Di tengah-tengah itu, penulis Refleksi Faham Kekuasaan Jawa dalam Indonesia Modern (1985) ini, mencatat hal-hal ringan tapi tak kehilangan empatinya dan sangat menarik. Tentu saja, hal-hal kecil itu bersifat humoris dan menunjukan jenialitas para pelakunya, seperti berikut:
Malam makin larut. Satu-satunya tamu di rumah saya di Clayton, Melbourne, Australia, pulang. Tinggal, mungkin, 5 orang tamu yang ‘setia’. Kiai Abdurrahman Wahid yang bersila di atas karpet, menyenderkan punggungnya di kursi panjang.
Kursi yang dilengkapi tempat khusus meletakkan telpon itu saya beli di toko barang-barang second hand di Dandenong. Saya ingat, Ketut Mardjana (kelak pernah menjadi Dirut PT Pos) yang mengantarkan saya ke sana.
Tapi, kendati jumlah menipis, cerita-cerita kecil tetap berlanjut. Kali ini, Kiai Abdurrahman Wahid berkata:
Tahun 1950-an di Surabaya masih ada trem. Sebuah kenderaan umum mirip kereta, tapi lebih pendek, yang digerakkan listrik. Suatu ketika, trem tersebut melaju kencang di atas relnya.
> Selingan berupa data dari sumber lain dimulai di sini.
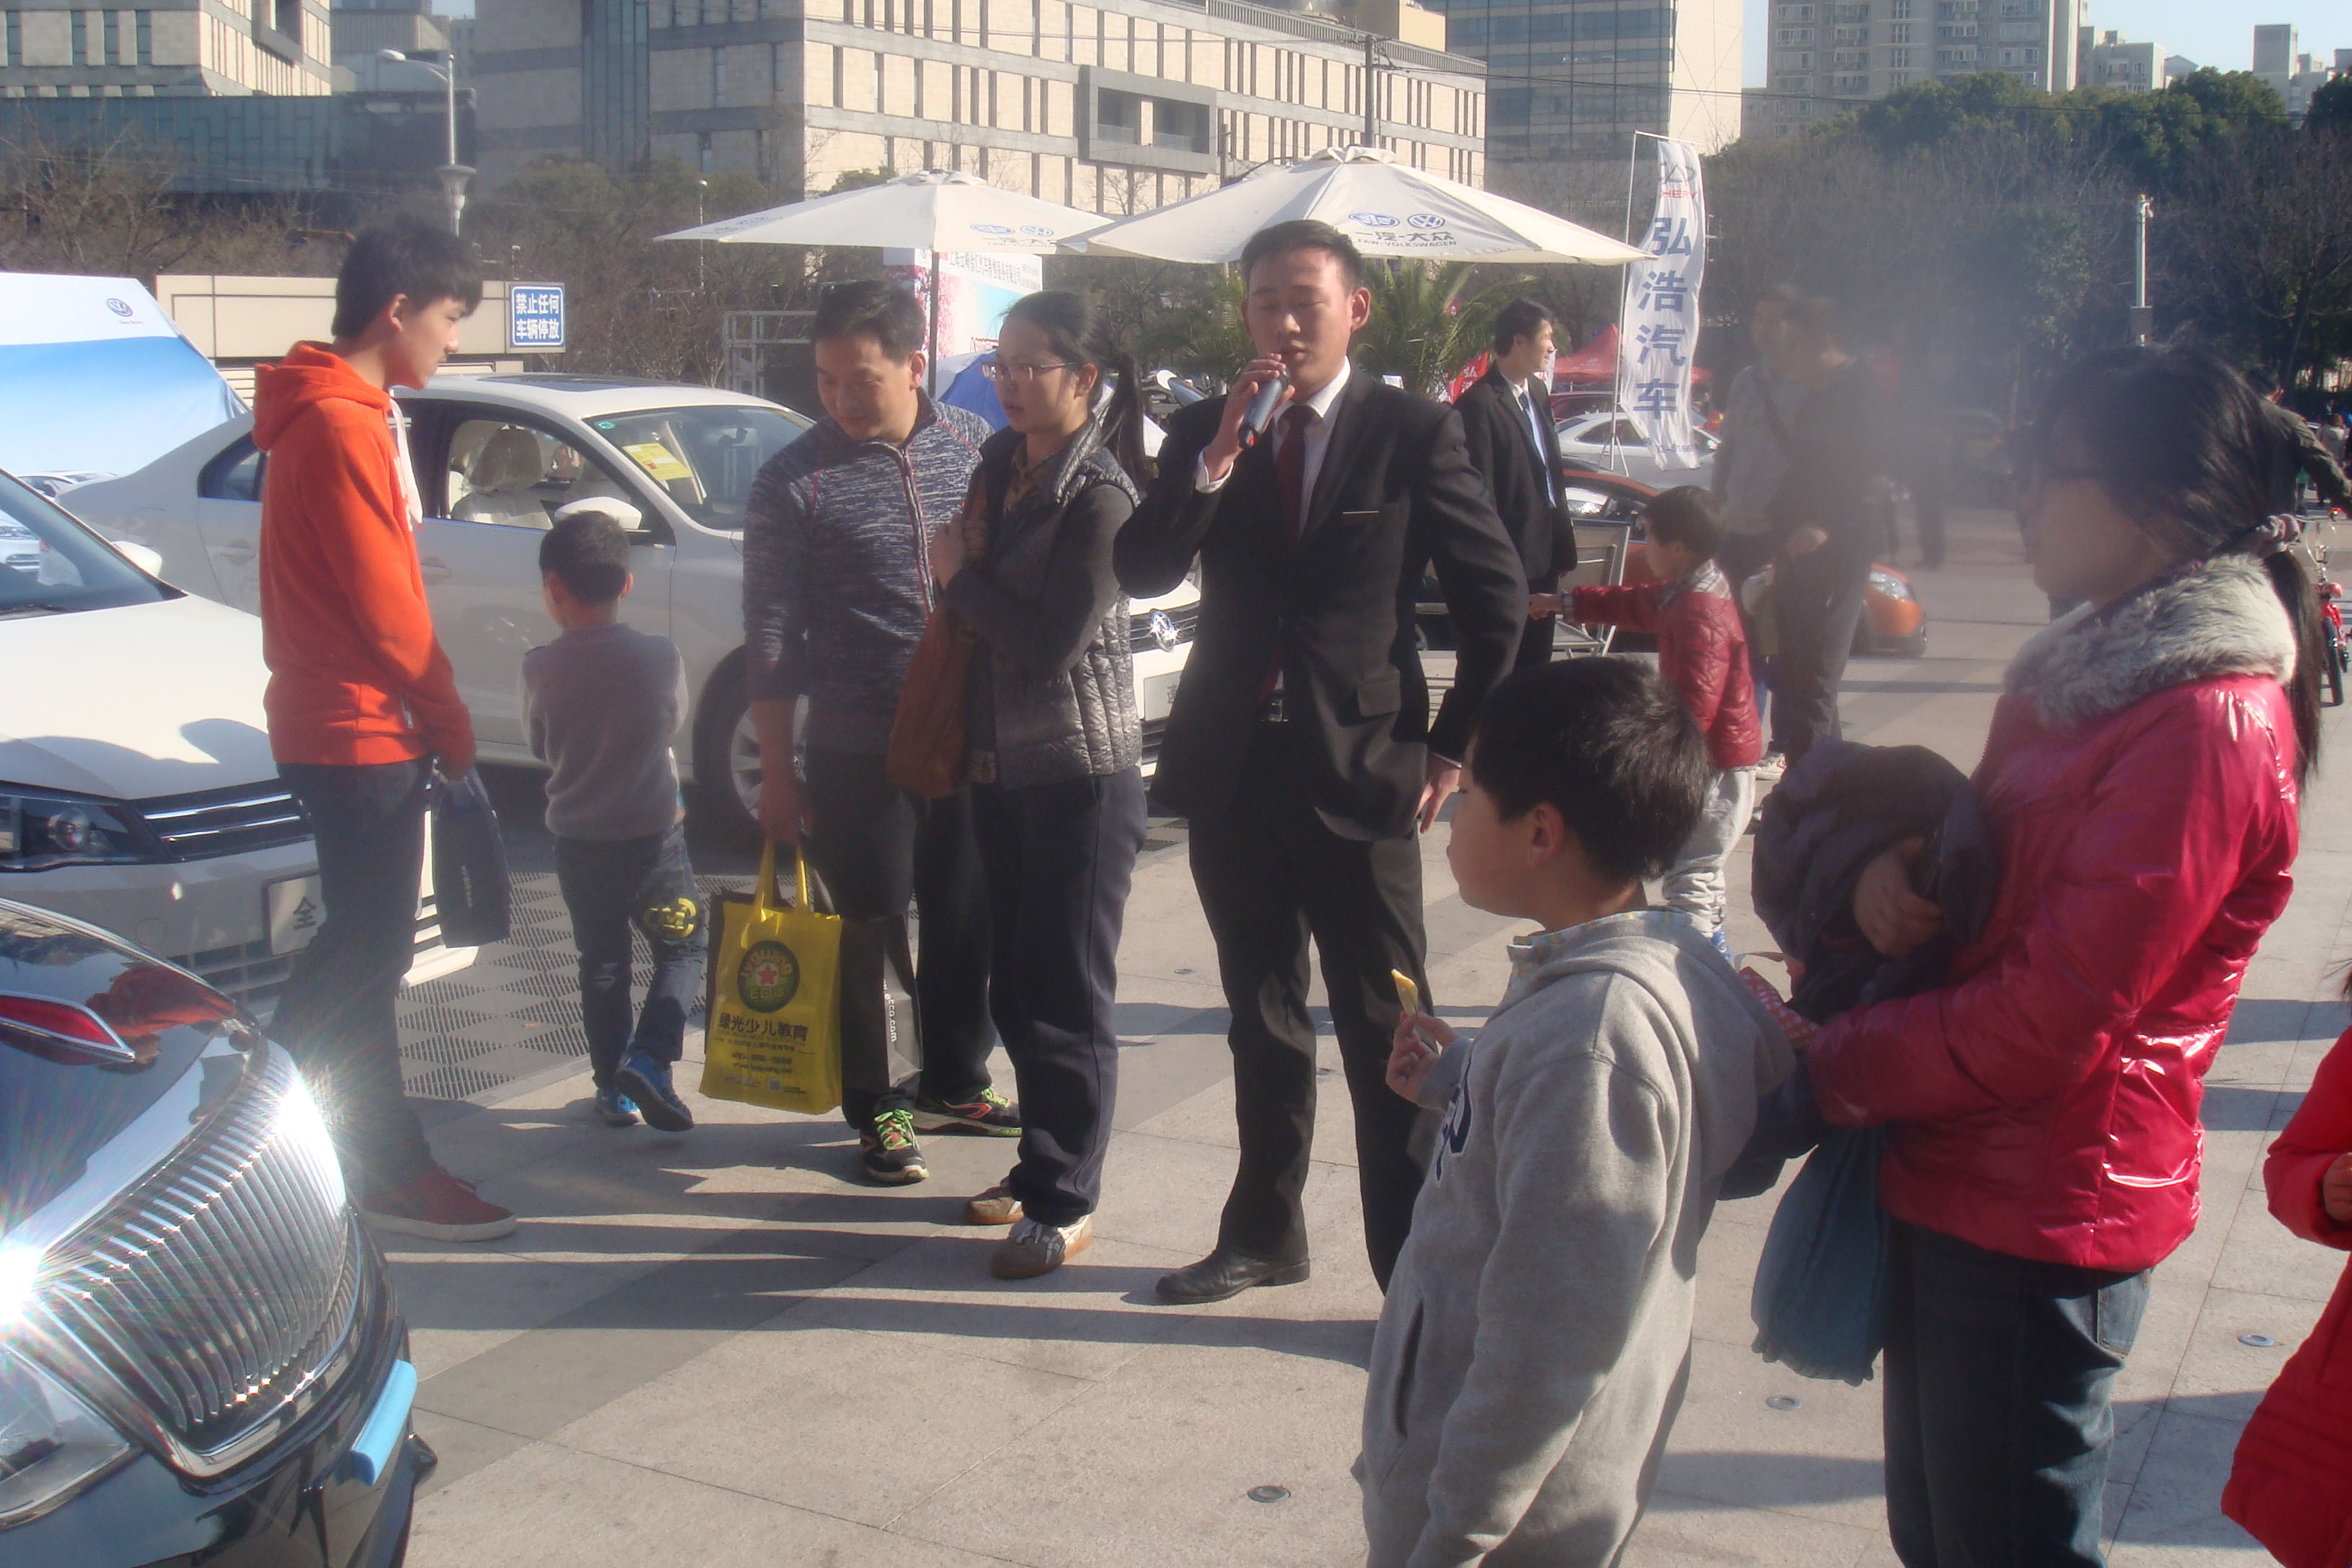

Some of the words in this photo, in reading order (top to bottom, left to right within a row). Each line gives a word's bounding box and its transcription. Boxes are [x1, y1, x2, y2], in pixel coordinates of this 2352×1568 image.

[515, 293, 559, 315] 禁止任何
[515, 318, 560, 339] 车辆停放
[1633, 218, 1691, 419] 弘浩汽车
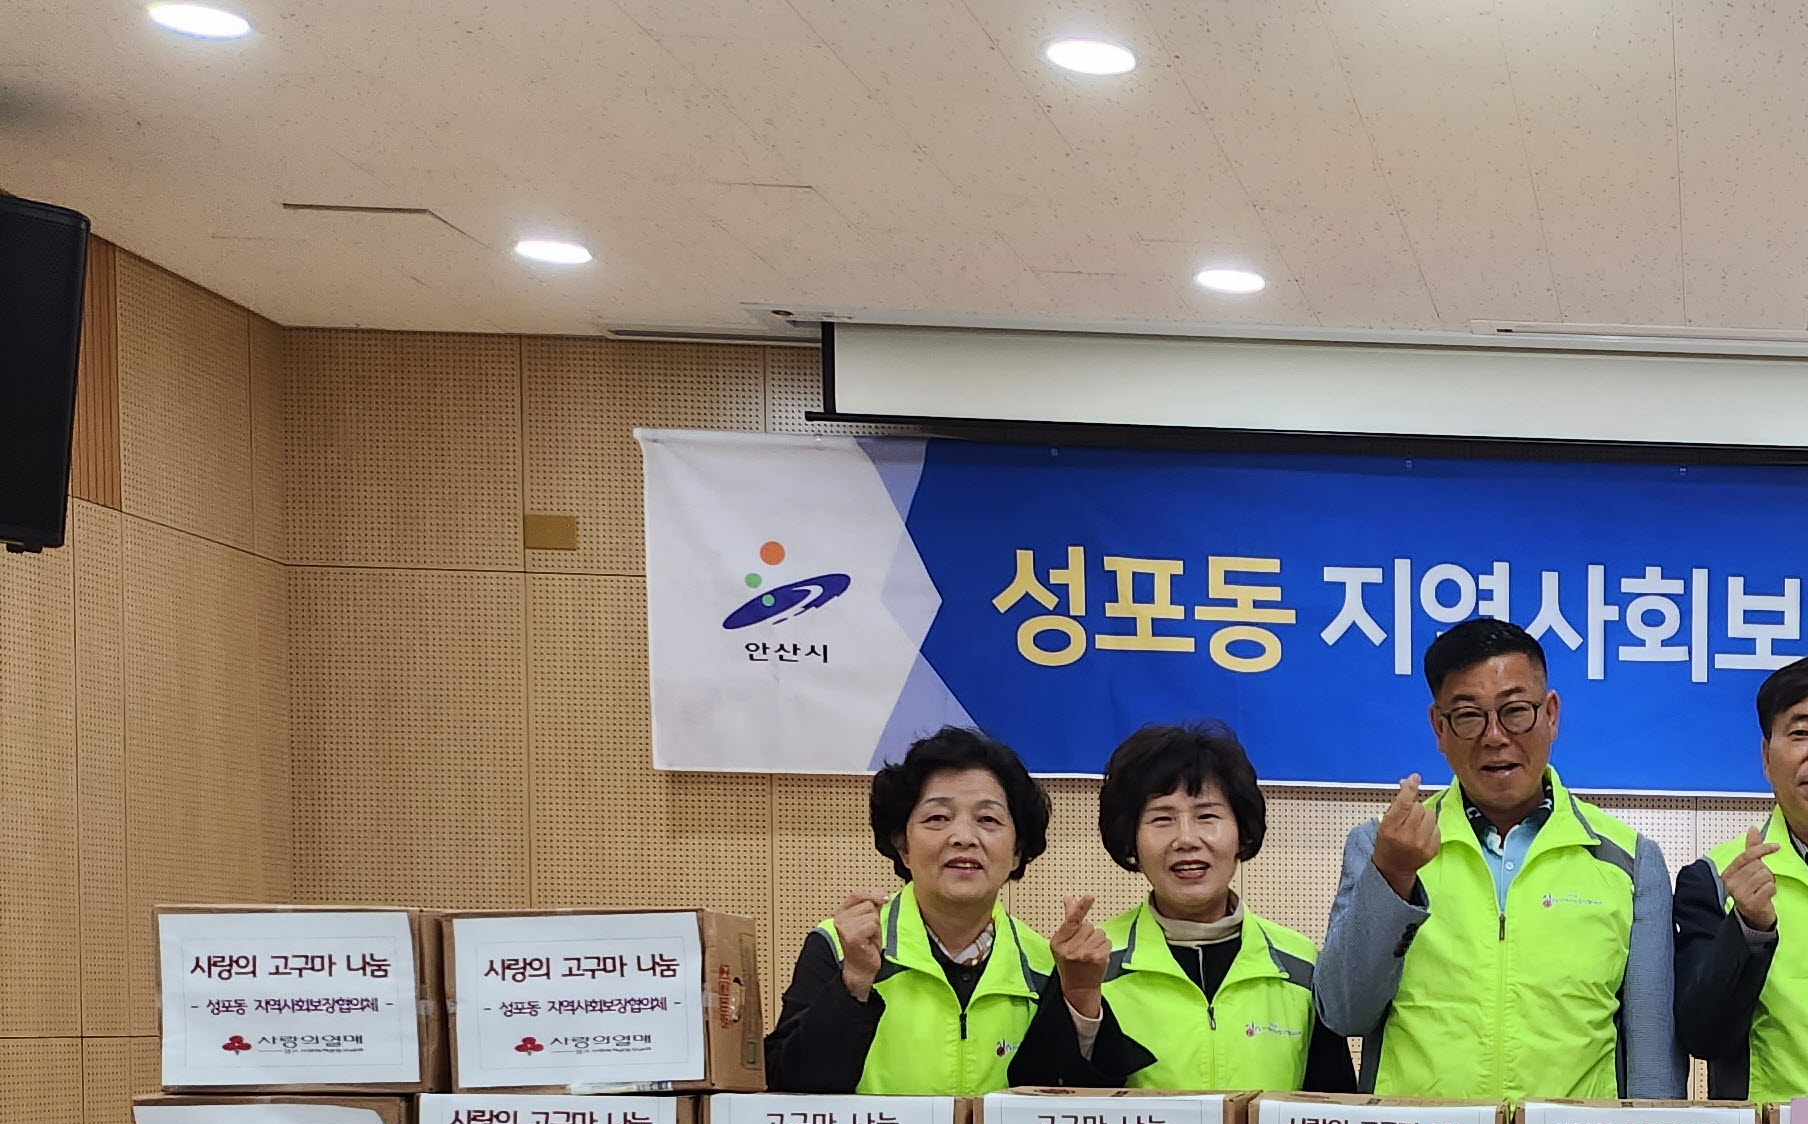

Tiba-tiba, sebuah becak yang dikayuh seorang Madura berhenti di lintasan rel itu. Jarak trem-becak hanya tinggal 15 meter. Dengan gugup dan susah-payah, masinis menekan rem sehabis-habis-nya. Dan trem berhasil terhenti hanya beberapa inci dari becak.
Terengggah-engah, marah dan penuh emosi, sang masinis melotot dan berteriak kepada tukang becak itu: ‘Hai! Kamu kok diri di situ?! Tidak bisa mundur?!’
Dengan tenang, tukang becak itu menjawab: ‘Saya bisa. Sampean enggak.’